§ **Instructions for the task**:
Leave out the pictures and restate the rest of the data exactly.

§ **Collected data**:

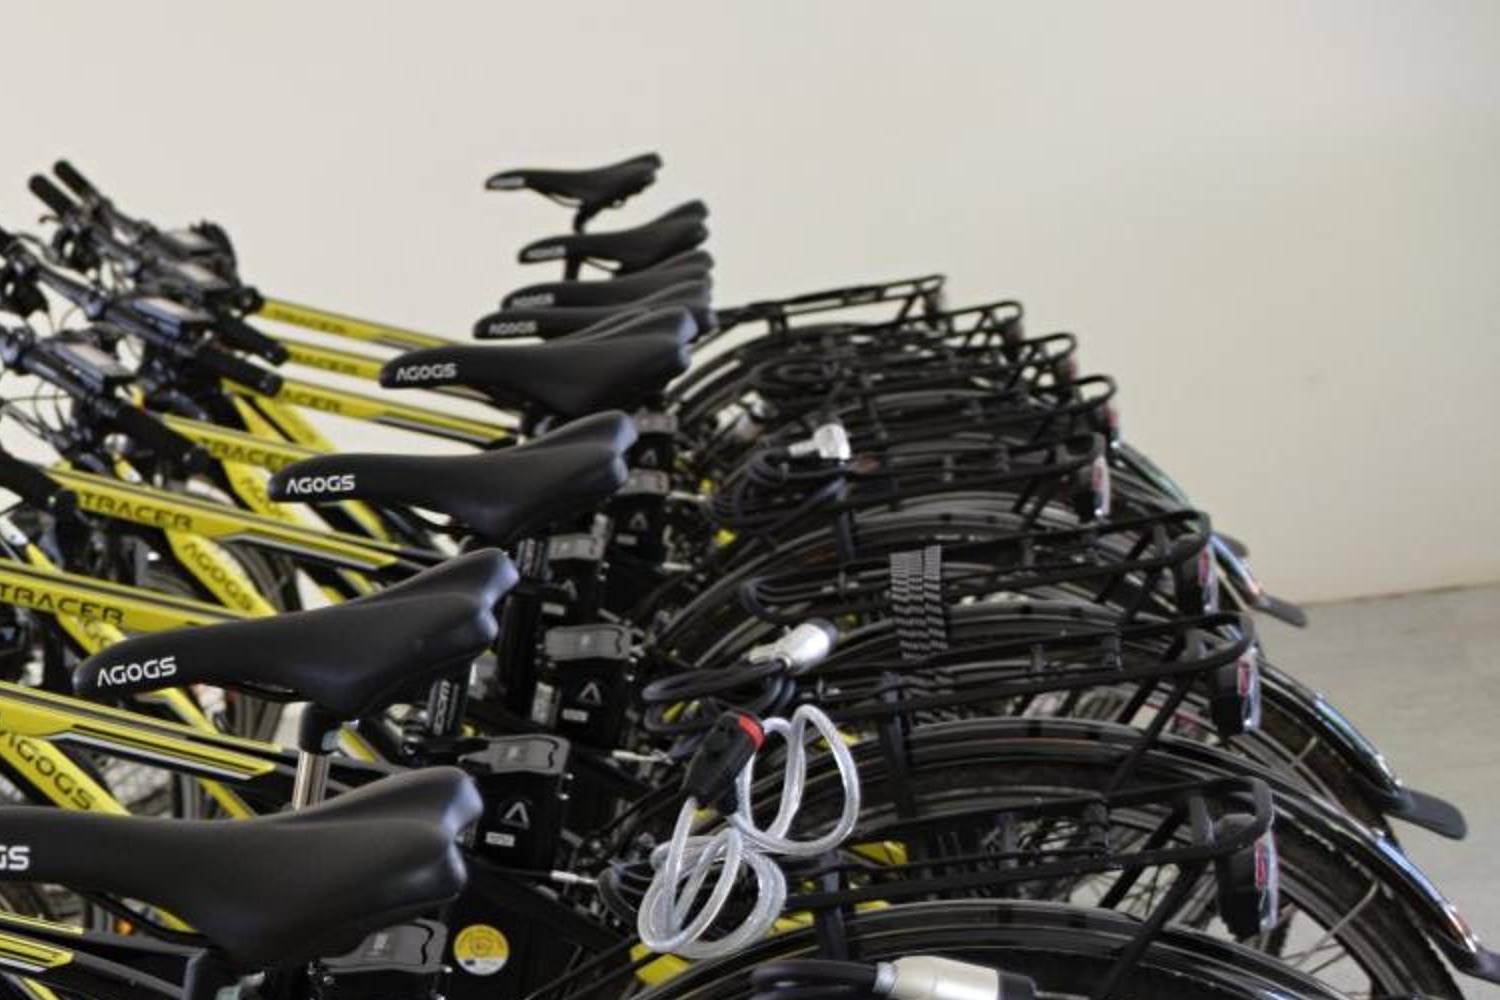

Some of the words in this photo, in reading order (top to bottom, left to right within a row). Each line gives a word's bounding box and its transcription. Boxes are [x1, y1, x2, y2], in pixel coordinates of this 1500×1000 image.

[396, 363, 457, 382] AGOGS
[286, 474, 355, 495] AGOGS
[81, 492, 194, 530] TRACER
[97, 656, 178, 688] AGOGS

§ **Task answer**:
Some of the words in this photo, in reading order (top to bottom, left to right within a row). Each line gives a word's bounding box and its transcription. Boxes are [x1, y1, x2, y2], in pixel coordinates of this 1500×1000 image.

[396, 363, 457, 382] AGOGS
[286, 474, 355, 495] AGOGS
[81, 492, 194, 530] TRACER
[97, 656, 178, 688] AGOGS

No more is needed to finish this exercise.